In the Gospel, the disciples are filled with fear as a great storm, “a violent squall,” bears down on them in the Sea of Galilee. If we can imagine ourselves in that boat, we can have a visceral experience of fear, with waves breaking over the boat making it rock violently and taking in water. The counterpoint to this fear is Jesus — peacefully asleep on a cushion in the stern. How is this possible? Is he exhausted or uncaring that “they are perishing”?
Jesus wakes up and calms the chaos — both of the elements and the fear in the disciples. “There was great calm.” Jesus is mystified by their terror — and at their lack of faith in him. They have witnessed his healings, they have heard his preaching yet they seem to be clueless about him. Now awe overcomes them and they question, “Who is this whom even wind and sea obey?”
This reading invites us into the boat. Our discipleship can feel terrifying at times. As we follow Jesus’ call to love, to cling to the beatitudes, and to strive to be faithful to forgiving, we may experience being storm-tossed. Wouldn’t life be so much easier if we didn’t have to love our neighbor as ourselves — or even more challenging — to love our neighbor as Jesus loves him and her? Many times storms rage within our hearts as we struggle to live like Jesus and not like our culture allows. Do we listen as he gives us wisdom and courage to follow him?

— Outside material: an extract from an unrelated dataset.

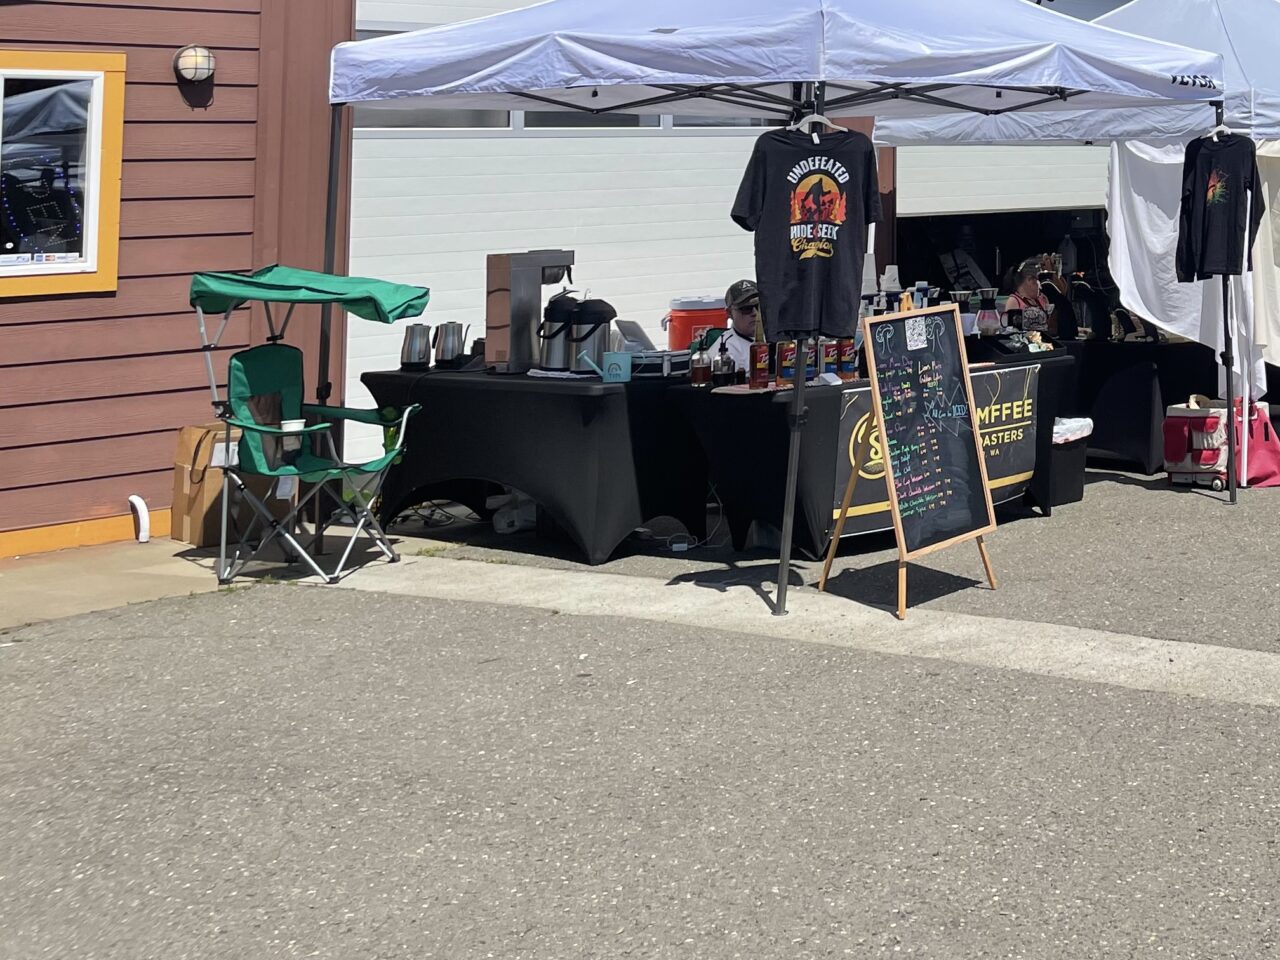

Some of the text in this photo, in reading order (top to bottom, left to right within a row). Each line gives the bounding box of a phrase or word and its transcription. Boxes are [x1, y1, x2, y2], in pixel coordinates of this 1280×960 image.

Then there are the tempests that come as a matter of course in life: our own illness or that of family or friends, financial stress, employment challenges, dilemmas with our children — the list goes on. These situations often fill us with fear and dread. Jesus is right there too, even though our worries sometimes prevent us from seeing his presence. He might not immediately still the storm, but he gives us calm and clarity to deal with it.
In Sunday’s Gospel, the disciples were also filled with great awe as they contemplated who Jesus is; he is the One who speaks out of the whirlwind with the power to calm the tempest. We too are blessed with the gift of awe, one of the gifts of the Holy Spirit. This gift moves us to love the Holy One, to experience great reverence for God and in all things to cherish and to desire a deep relationship with our God — Father, Son and Holy Spirit!